Segment Start: SUPPLIED ENTRIES

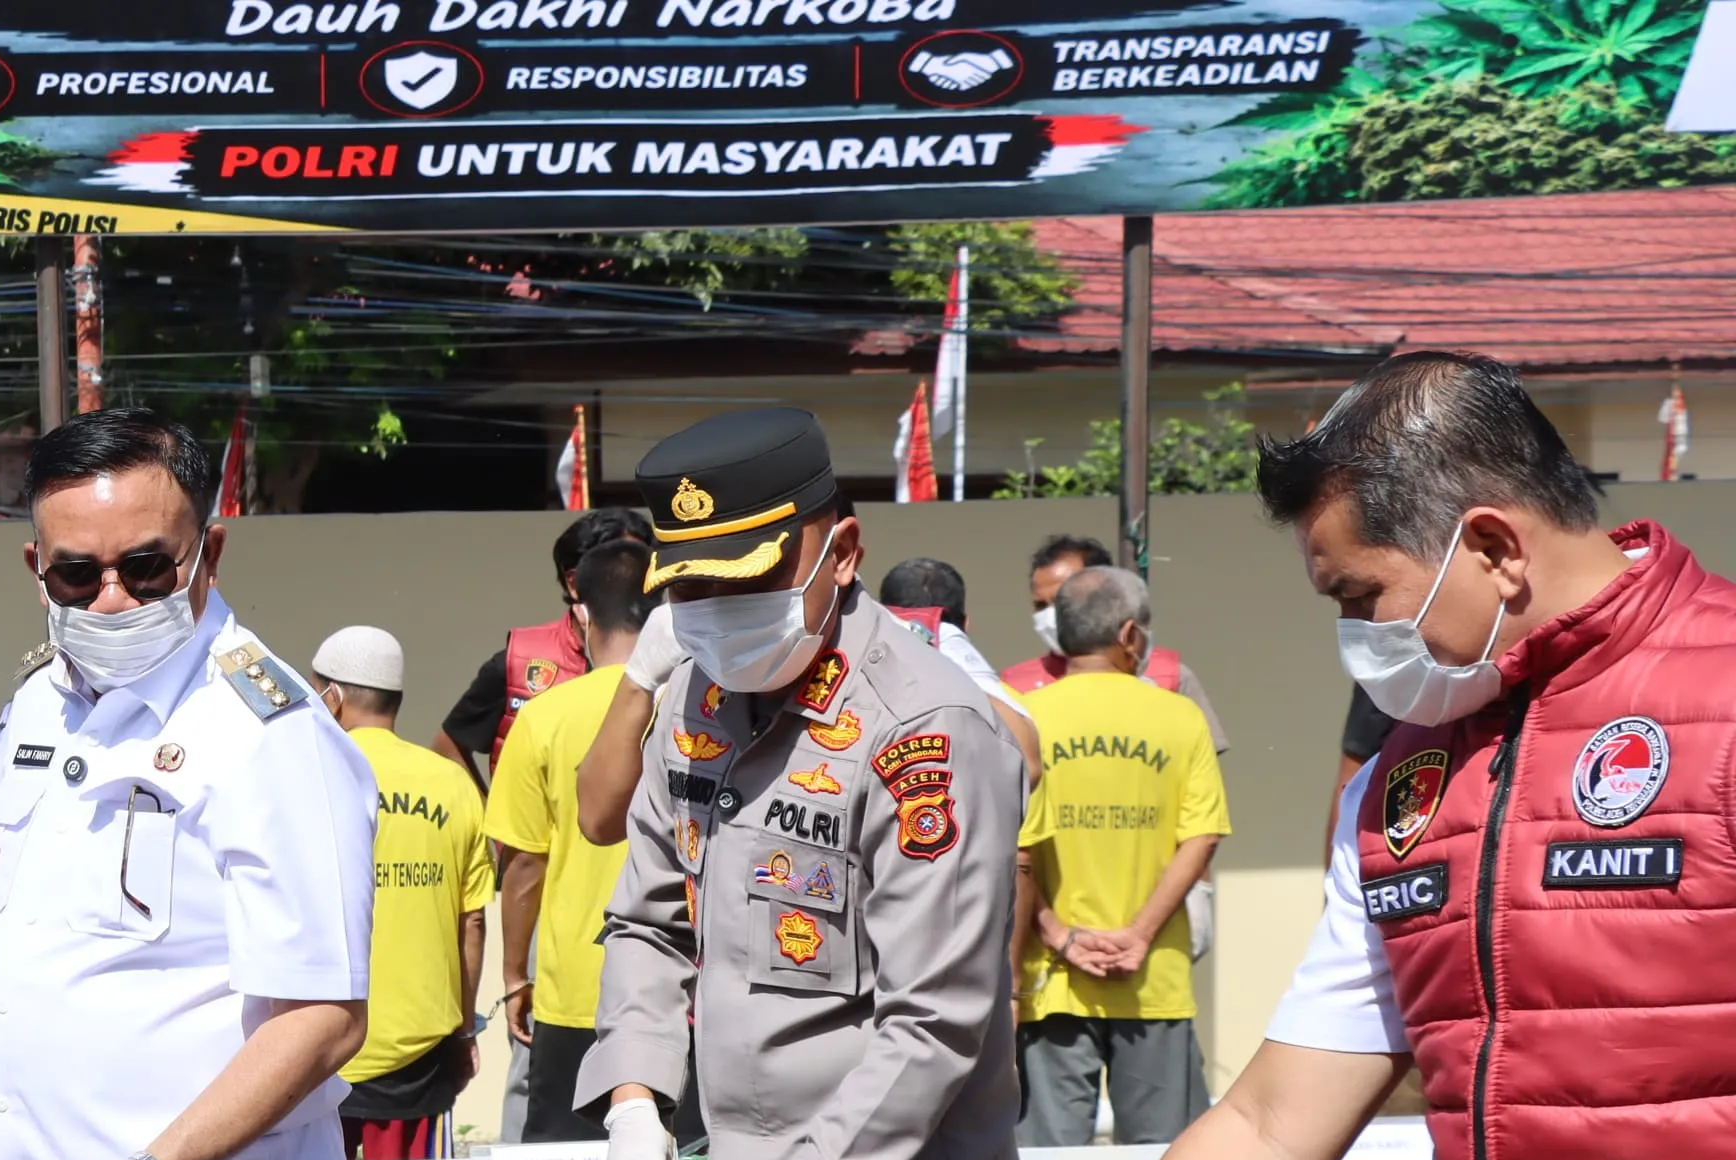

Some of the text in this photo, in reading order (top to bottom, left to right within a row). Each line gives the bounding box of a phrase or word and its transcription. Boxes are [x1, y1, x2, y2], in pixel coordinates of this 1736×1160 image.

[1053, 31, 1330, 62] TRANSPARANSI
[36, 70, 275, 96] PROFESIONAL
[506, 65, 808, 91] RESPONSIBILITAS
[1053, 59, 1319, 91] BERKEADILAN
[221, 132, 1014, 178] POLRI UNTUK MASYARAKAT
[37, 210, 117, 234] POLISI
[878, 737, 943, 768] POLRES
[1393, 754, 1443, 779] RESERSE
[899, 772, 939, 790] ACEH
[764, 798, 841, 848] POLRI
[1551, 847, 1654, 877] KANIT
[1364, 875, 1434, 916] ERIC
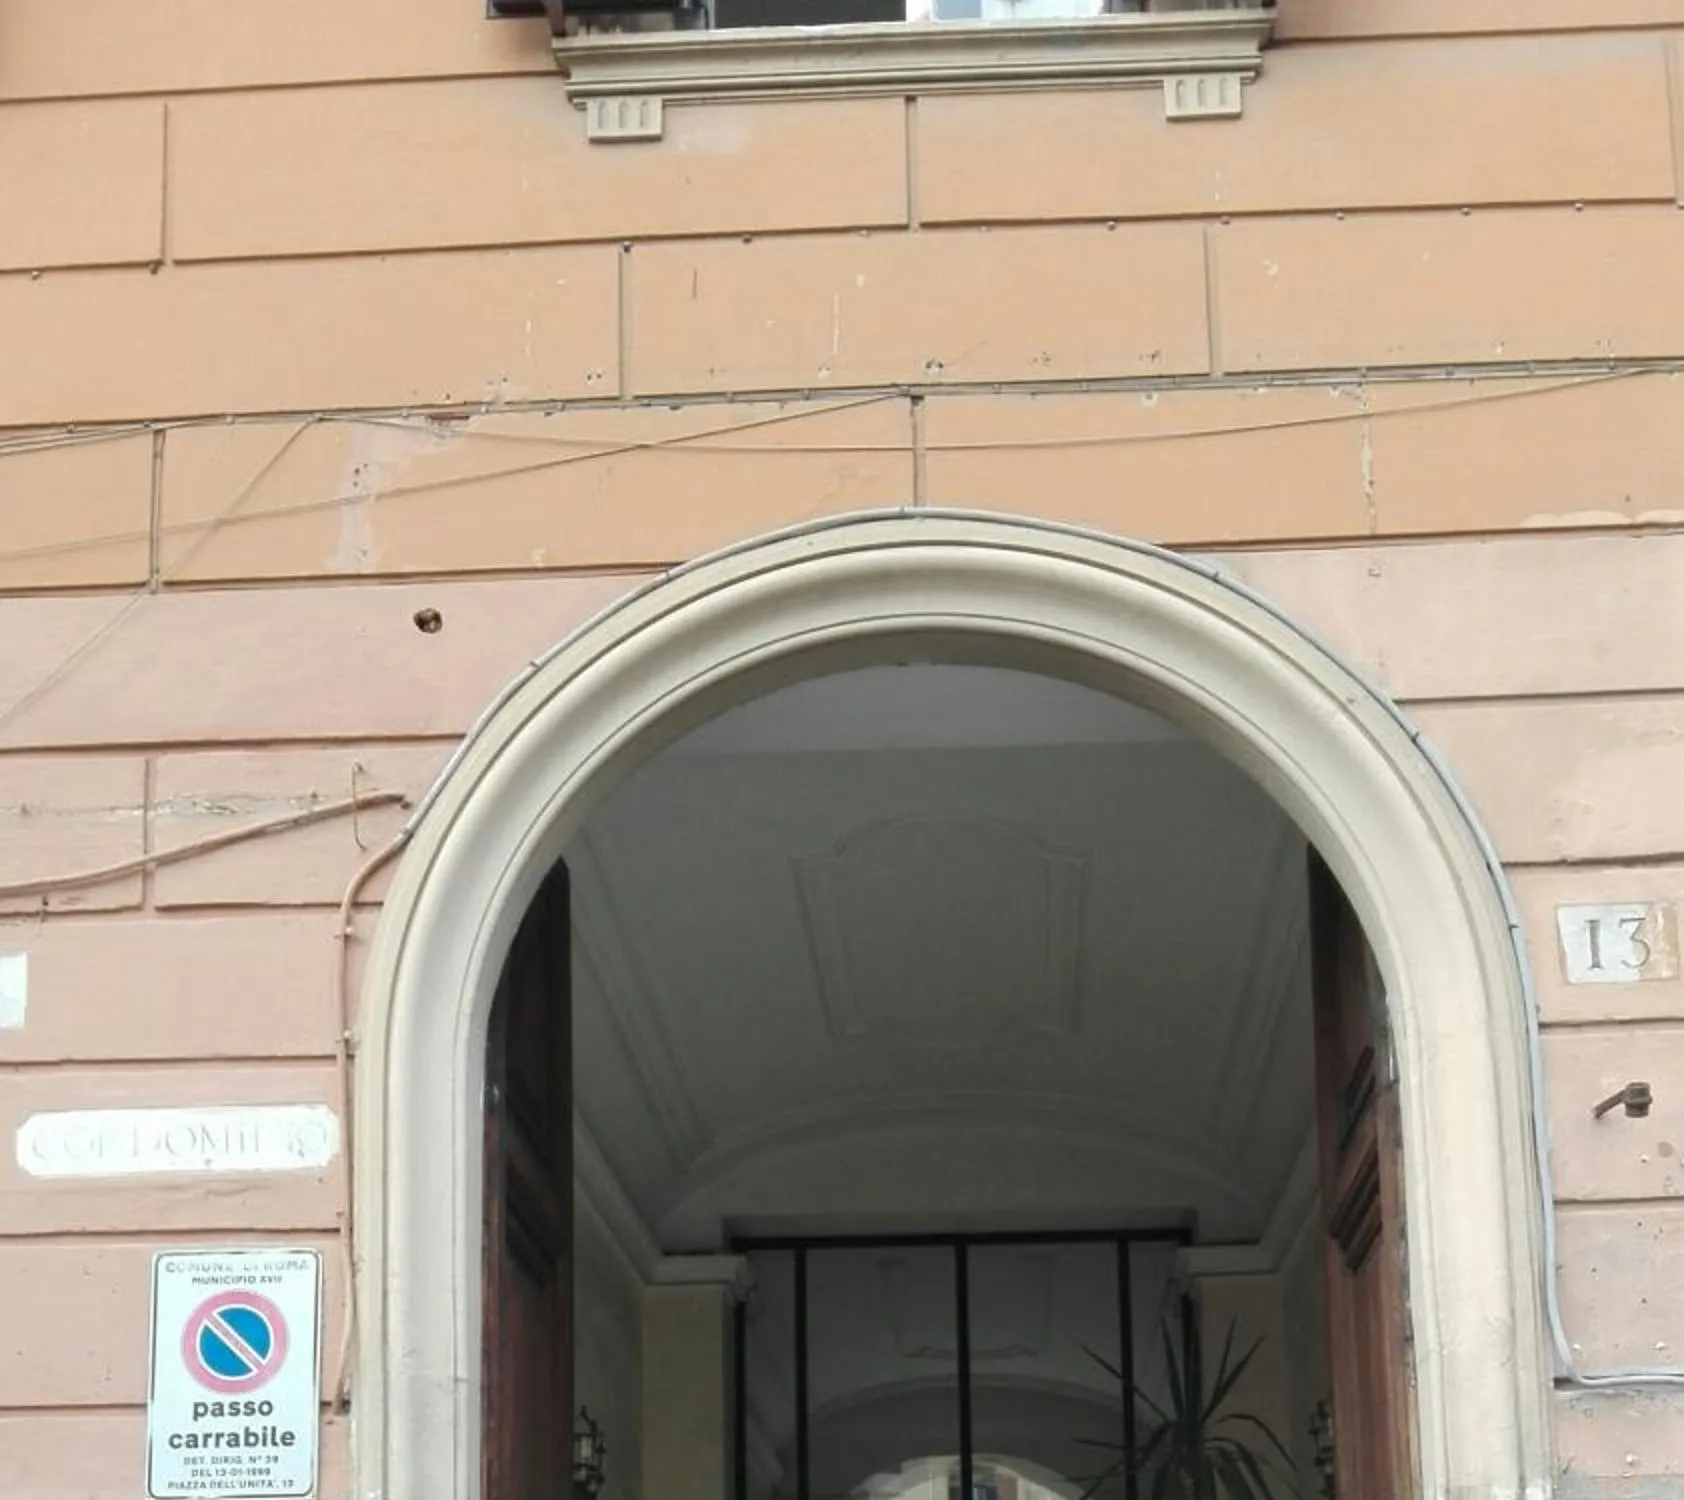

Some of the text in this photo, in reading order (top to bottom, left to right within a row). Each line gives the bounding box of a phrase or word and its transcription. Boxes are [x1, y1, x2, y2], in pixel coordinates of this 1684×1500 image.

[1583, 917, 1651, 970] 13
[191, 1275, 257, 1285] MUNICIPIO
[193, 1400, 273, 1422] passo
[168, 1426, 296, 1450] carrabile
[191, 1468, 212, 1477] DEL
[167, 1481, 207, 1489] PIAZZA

Segment End: SUPPLIED ENTRIES

Set down no line except those from the one with "this 1684×1500 image." to the last line of the data, inclusive, each exactly as written.

*ANSWER FOR THIS EXERCISE*
Some of the text in this photo, in reading order (top to bottom, left to right within a row). Each line gives the bounding box of a phrase or word and its transcription. Boxes are [x1, y1, x2, y2], in pixel coordinates of this 1684×1500 image.

[1583, 917, 1651, 970] 13
[191, 1275, 257, 1285] MUNICIPIO
[193, 1400, 273, 1422] passo
[168, 1426, 296, 1450] carrabile
[191, 1468, 212, 1477] DEL
[167, 1481, 207, 1489] PIAZZA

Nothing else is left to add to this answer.